ASSIGNMENT:
Every entry below should be written out exactly, and no image should appear.

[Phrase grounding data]
★ ★ ★ ★

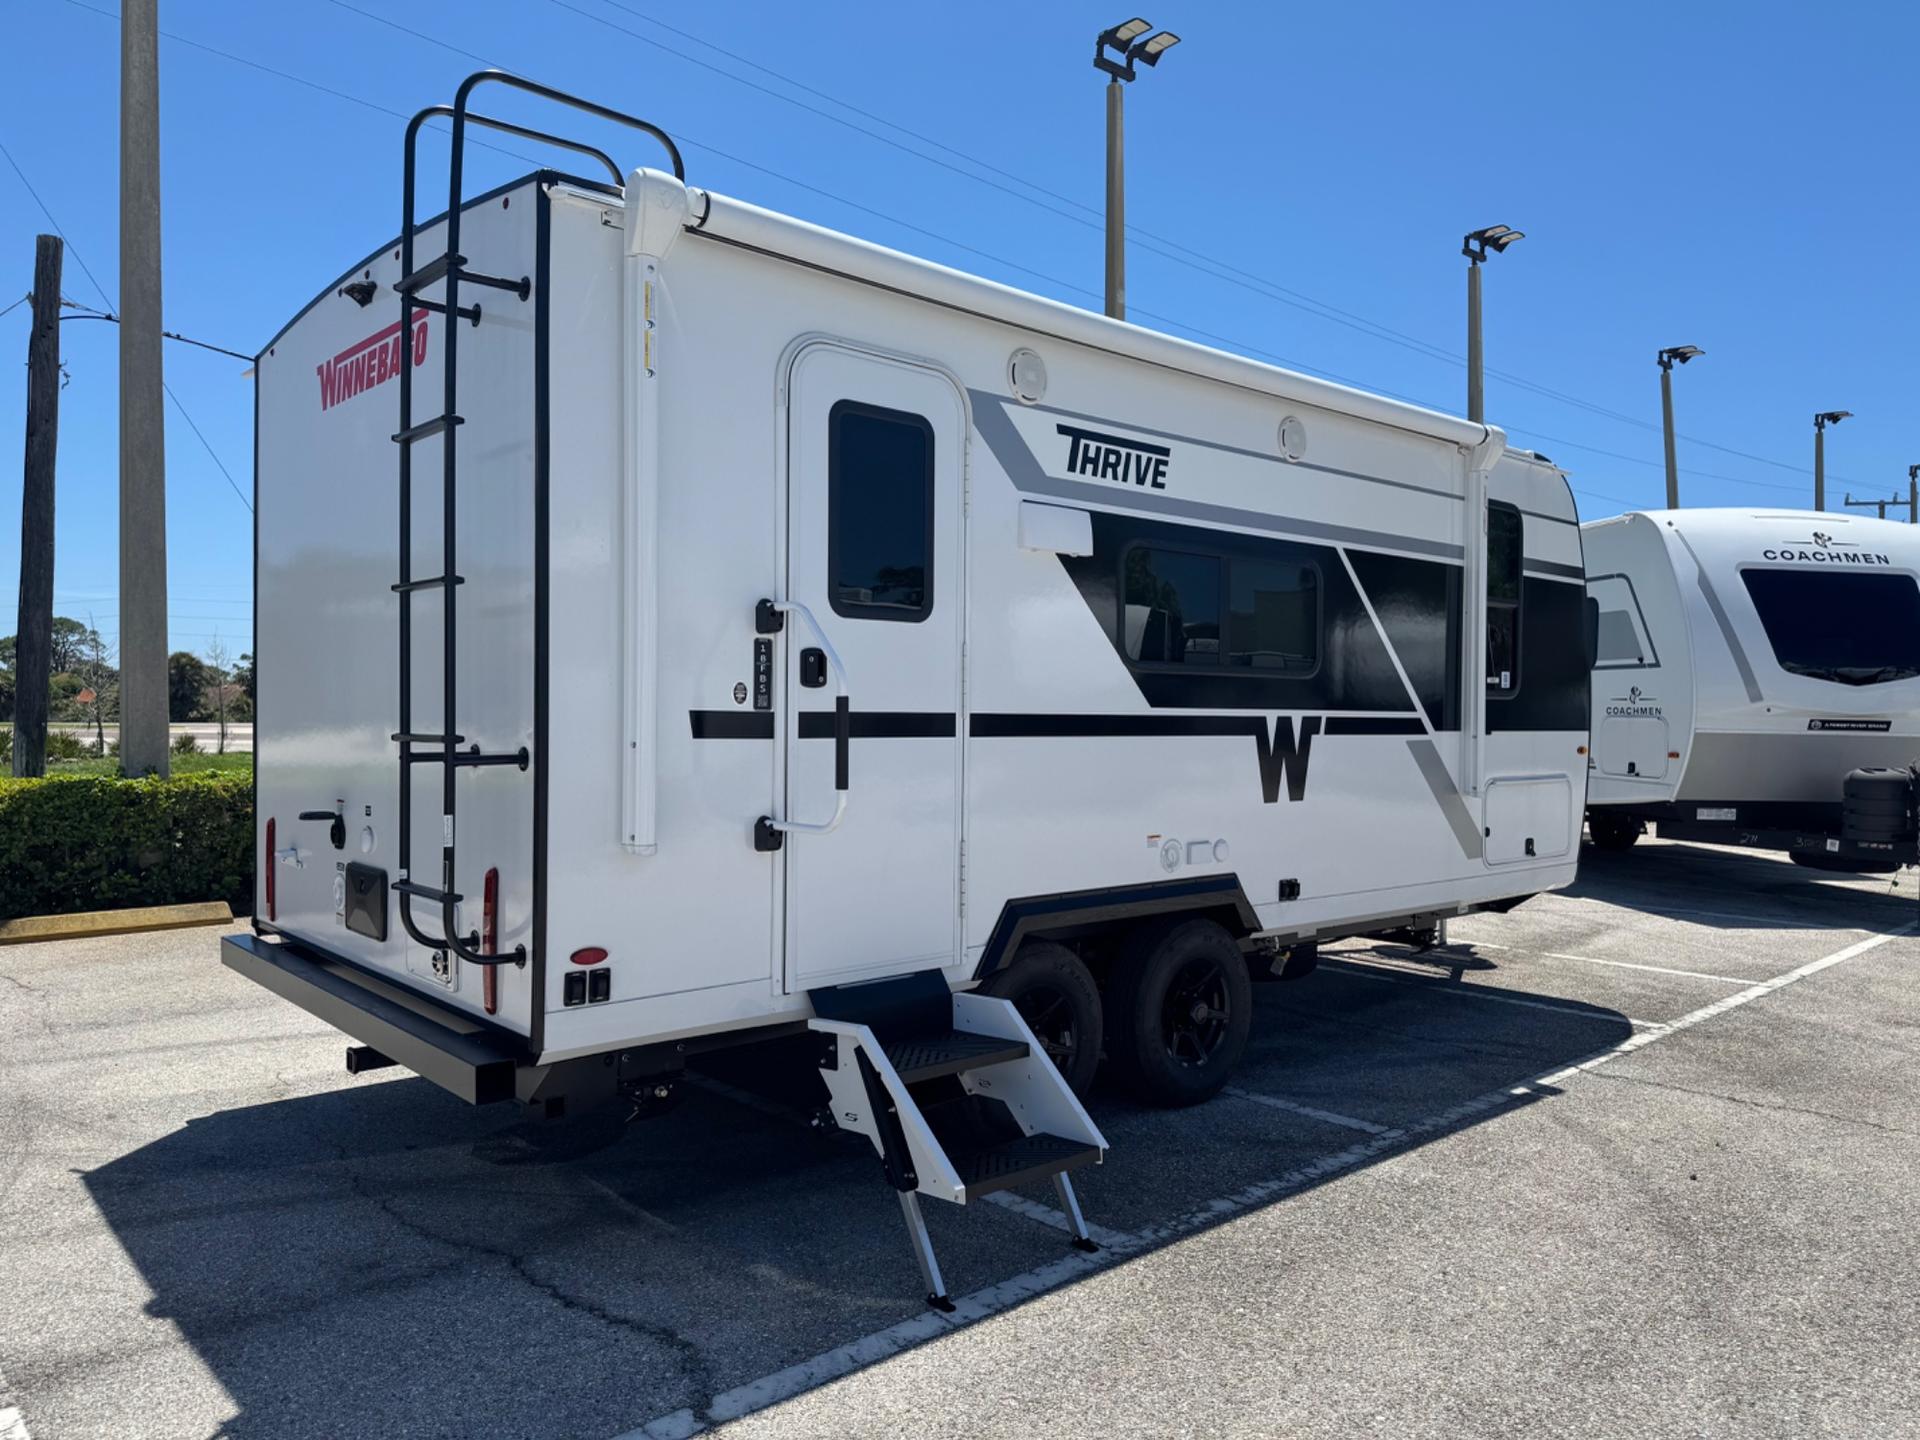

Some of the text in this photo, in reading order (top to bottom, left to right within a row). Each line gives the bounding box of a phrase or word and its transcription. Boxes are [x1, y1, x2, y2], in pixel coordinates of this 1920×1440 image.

[317, 308, 429, 412] WINNEBAO
[1056, 423, 1171, 489] THRIVE
[1763, 549, 1890, 565] COACHMEN
[1606, 706, 1662, 716] COACHMEN
[1255, 715, 1323, 804] W
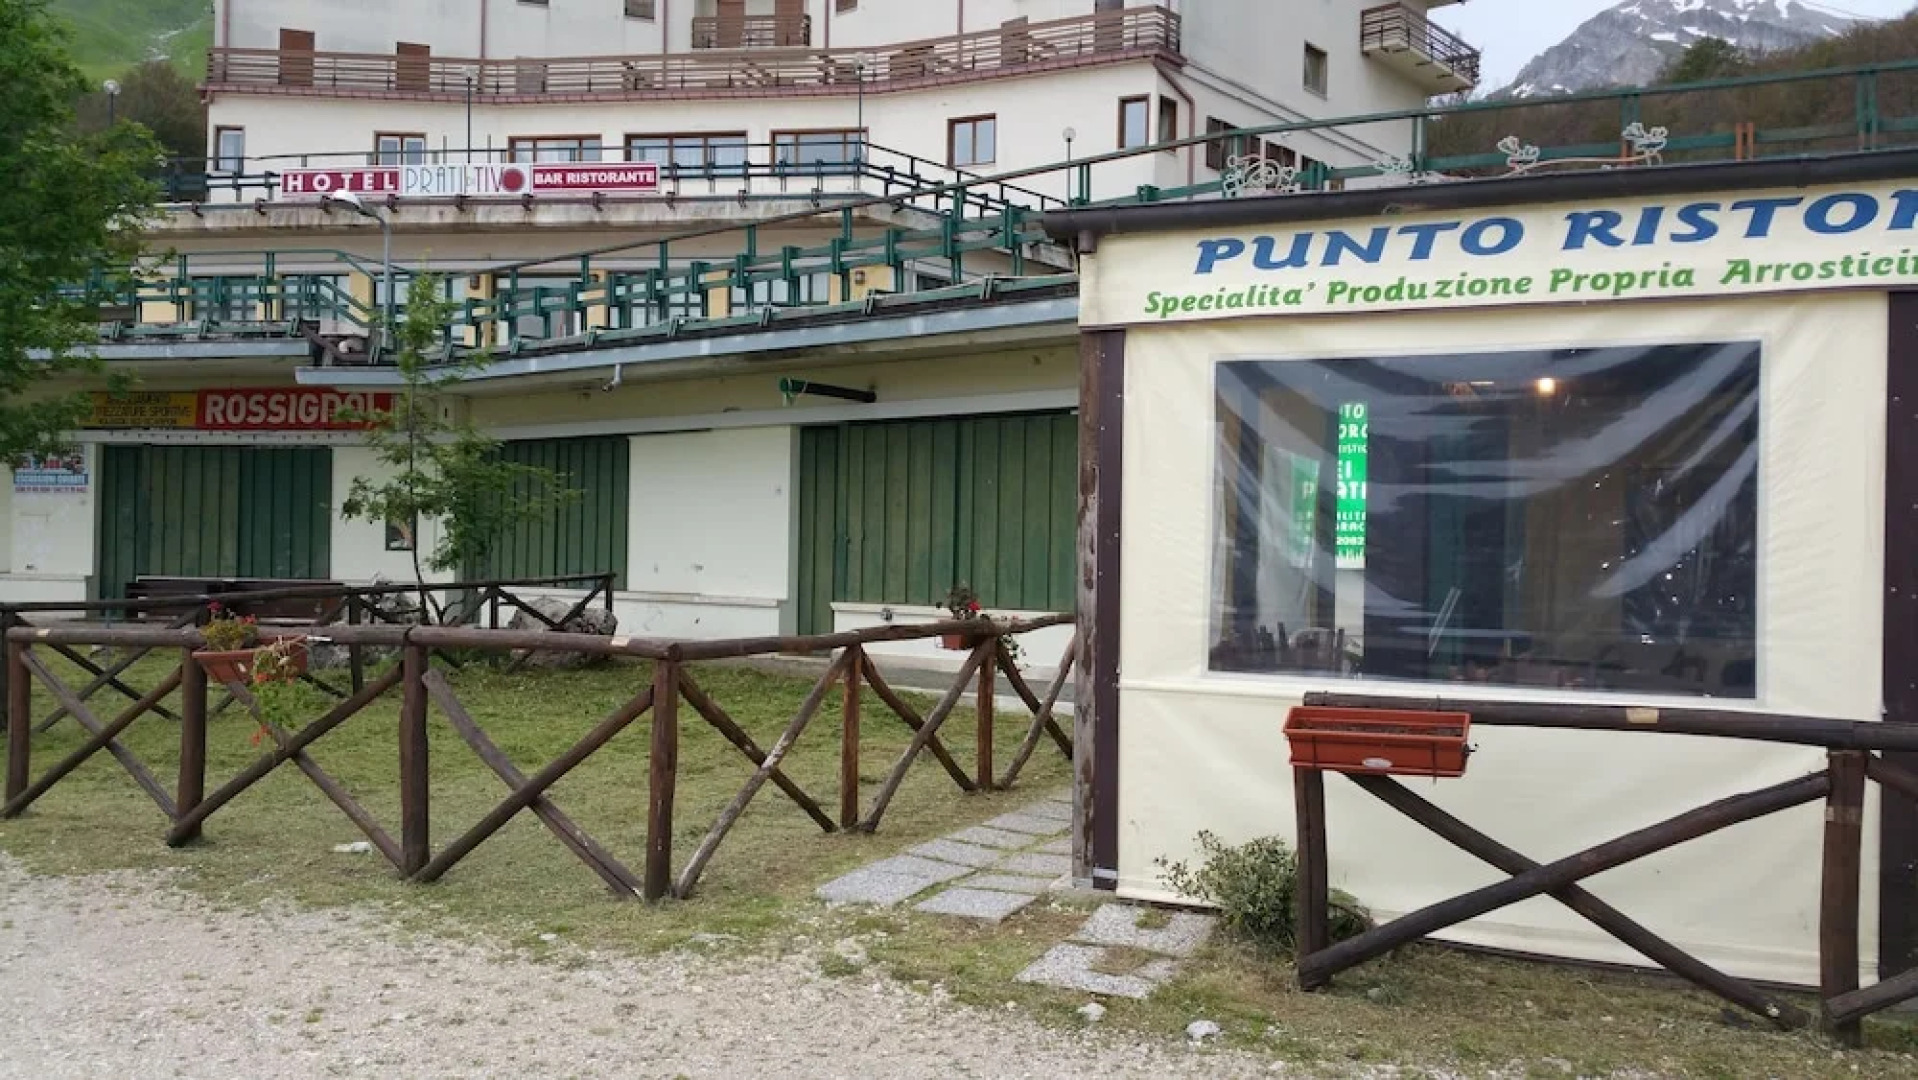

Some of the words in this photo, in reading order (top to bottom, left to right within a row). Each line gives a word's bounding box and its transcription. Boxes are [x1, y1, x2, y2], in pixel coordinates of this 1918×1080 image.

★ ★ ★ ★

ANSWER TO THIS PROBLEM:
Some of the text in this photo, in reading order (top to bottom, left to right within a row). Each line gives the bounding box of a phrase or word and its transcription. Boxes are [x1, y1, x2, y2], in pixel coordinates of this 1920×1440 image.

[317, 308, 429, 412] WINNEBAO
[1056, 423, 1171, 489] THRIVE
[1763, 549, 1890, 565] COACHMEN
[1606, 706, 1662, 716] COACHMEN
[1255, 715, 1323, 804] W

Some of the words in this photo, in reading order (top to bottom, left to right within a row). Each line gives a word's bounding box and its transcription. Boxes are [x1, y1, x2, y2], in pixel coordinates of this 1918×1080 image.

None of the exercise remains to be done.